Shares in Sainsbury’s were on the charge amid speculation that private equity sharks are still scouring the UK for deals, The Mail writes.

Tesco braces for bids in private equity’s supermarket sweep, according to The Telegraph. ”As Morrisons and Asda fall into private buyers’ hands, the UK’s biggest grocer is fighting to avoid being added to their shopping basket,” the paper writes.

Regulators are poring over the proposed £7bn takeover of Morrisons by a US private equity giant over concerns about the number of petrol stations the group would own (The Mail).

The Lex column in The Financial Times (£) warns an asset sale will be needed at Morrisons to cover the high price paid by CD&R. “Private equity firm will have to be clever to achieve a decent investment return,” the paper says.

The Telegraph is scathing about the deal in its City column. “A bleak future awaits Morrisons in the hands of private equity financiers,” reads the headline. “With their eyes fixed firmly on a shared £39m payday, senior management have abandoned the company to its fate.”

The Guardian says in a business editorial that Morrisons’ new owner has plenty of wiggle room in takeover terms. “CD&R has made fine-sounding pledges but they don’t stop this being yet another debt-fuelled buyout.”

The Mail’s Alex Brummer thunders that there needs to be a hard look at how the debt-fuelled PE takeover of Morrisons will hit UK tax revenues.
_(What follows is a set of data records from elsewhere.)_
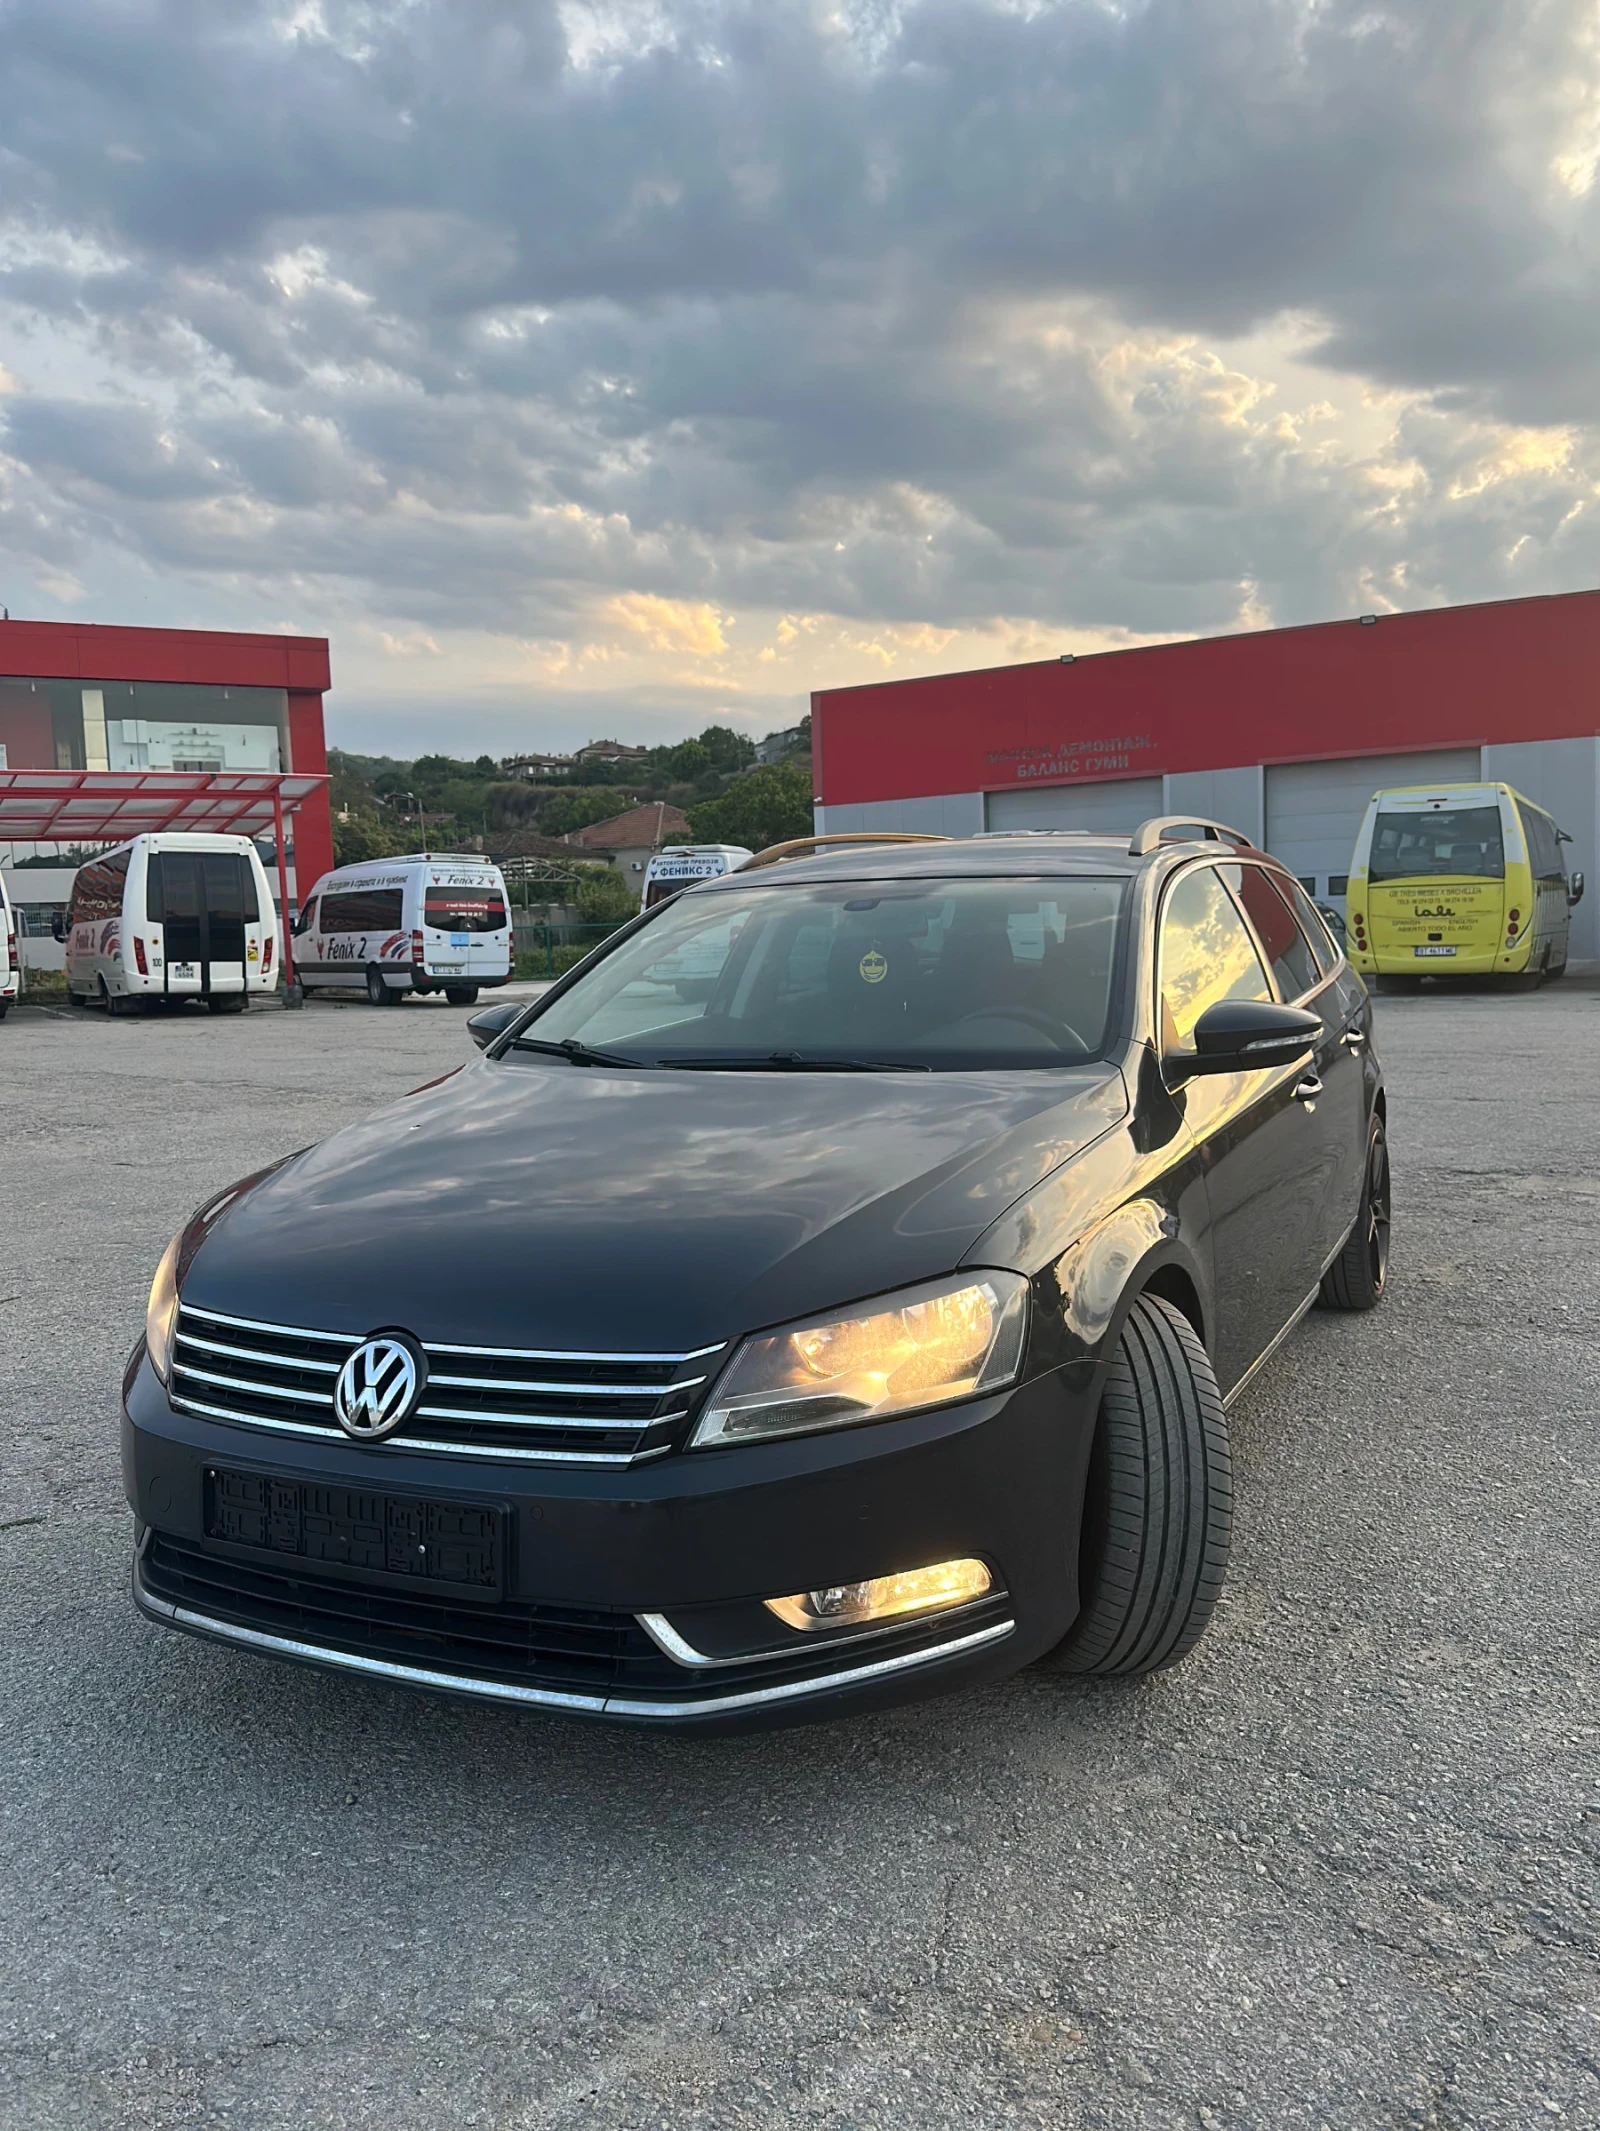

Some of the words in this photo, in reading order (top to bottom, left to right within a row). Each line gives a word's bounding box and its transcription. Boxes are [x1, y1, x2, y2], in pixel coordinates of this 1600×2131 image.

[1017, 760, 1080, 778] БАЛАНС
[1085, 754, 1129, 772] ГУМИ
[660, 866, 703, 877] ФЕНИКС
[705, 866, 712, 876] 2
[447, 875, 475, 885] Fenix
[477, 876, 485, 885] 2
[327, 936, 356, 960] Fenix
[357, 936, 367, 959] 2
[152, 957, 163, 968] 100
The chairman of Morrisons has said he expects the US private equity firm in line to buy the supermarket chain for £7.1bn to stick to its word and keep hold of the retailer’s assets rather than sell them off (The Guardian).

Andy Higginsons has insisted Morrisons will be able to deliver a “good” Christmas for customers despite supply chain issues (BBC News).
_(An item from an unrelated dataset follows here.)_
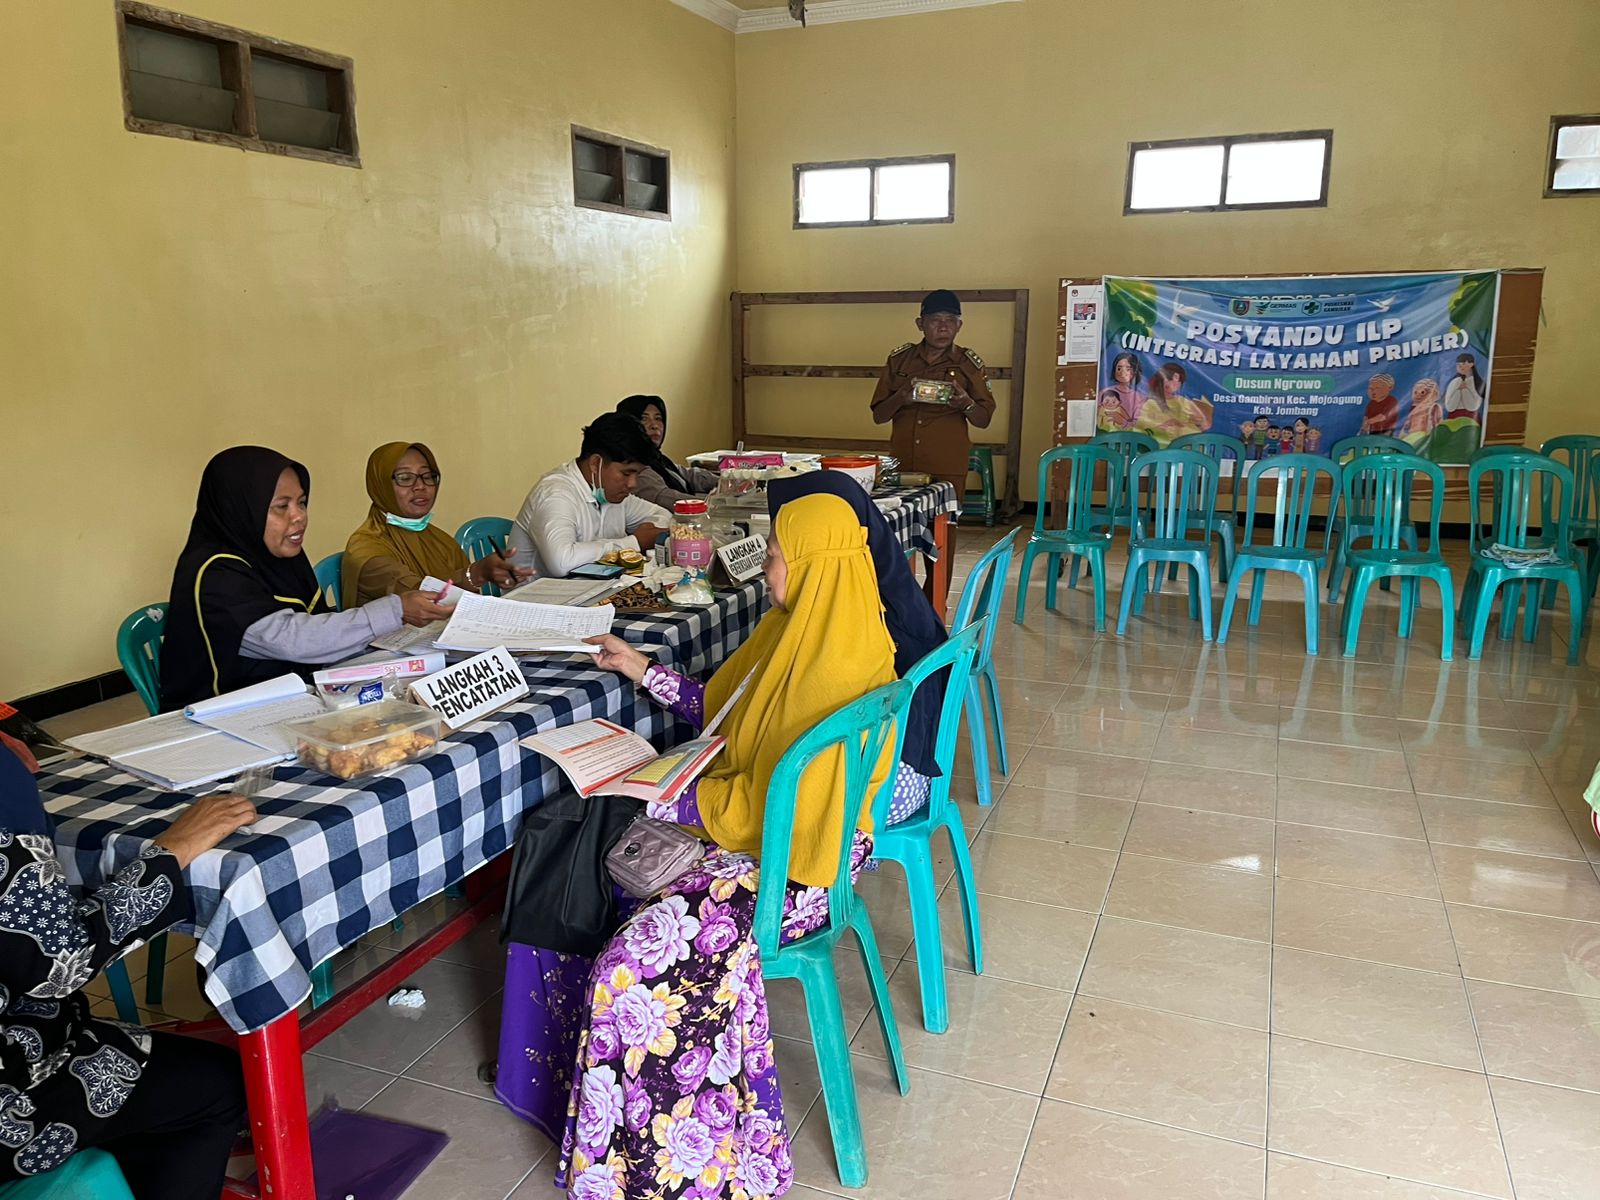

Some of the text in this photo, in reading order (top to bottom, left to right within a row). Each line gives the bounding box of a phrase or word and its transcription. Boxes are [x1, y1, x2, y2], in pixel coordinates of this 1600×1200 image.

There could be fewer choices available for Christmas dinner this year due to labour shortages following Brexit, the boss of the British Meat Processors Association has warned (Sky News).

The UK fuel crisis could run another week, fuel retailers have warned, as military tanker drivers took to the roads to relieve pressure on petrol stations (The Guardian).

Only 27 fuel tanker drivers from the EU have applied to work in Britain under the government’s emergency scheme to tackle the petrol crisis, ministers have been told (The Times £).

Overseas interest in UK truck-driving jobs is keenest in countries whose drivers’ qualifications are not recognised in Britain, according to figures that reinforce doubts over the practicality of the government’s plan to tackle the country’s supply chain crisis by issuing short-term visas (The Financial Times £).

Caffe Nero has hired advisers from Lazard as it seeks to refinance debts of almost £150m and keep the billionaire Issa brothers at bay (The Telegraph).

A global shortage of peas caused by a drought in Canada is posing challenges for makers of plant-based burgers who rely on the crop as a source of protein in their artificial meat (The Times £).

The Hut Group has now lost a quarter of its stock market value in less than a fortnight after investors sent shares in the ecommerce business sliding for an eighth straight trading session (The Times £).

The Times (£) follows up The Grocer’s story from the weekend about the latest Samworth Brothers accounts. The family-owned manufacturer of Ginsters pasties and Soreen malt loaf tumbled into the red to the tune of more than £30 million on the back of “an incredibly challenging year”.

Shares in Cake Box shot up by more than 12% after it revealed sales soared over the last six months thanks to strong online demand and new store openings (The Mail).

Compass Group surprised investors this morning by announcing the unexpected departure of its finance chief after only two and a half years in the role (The Times £).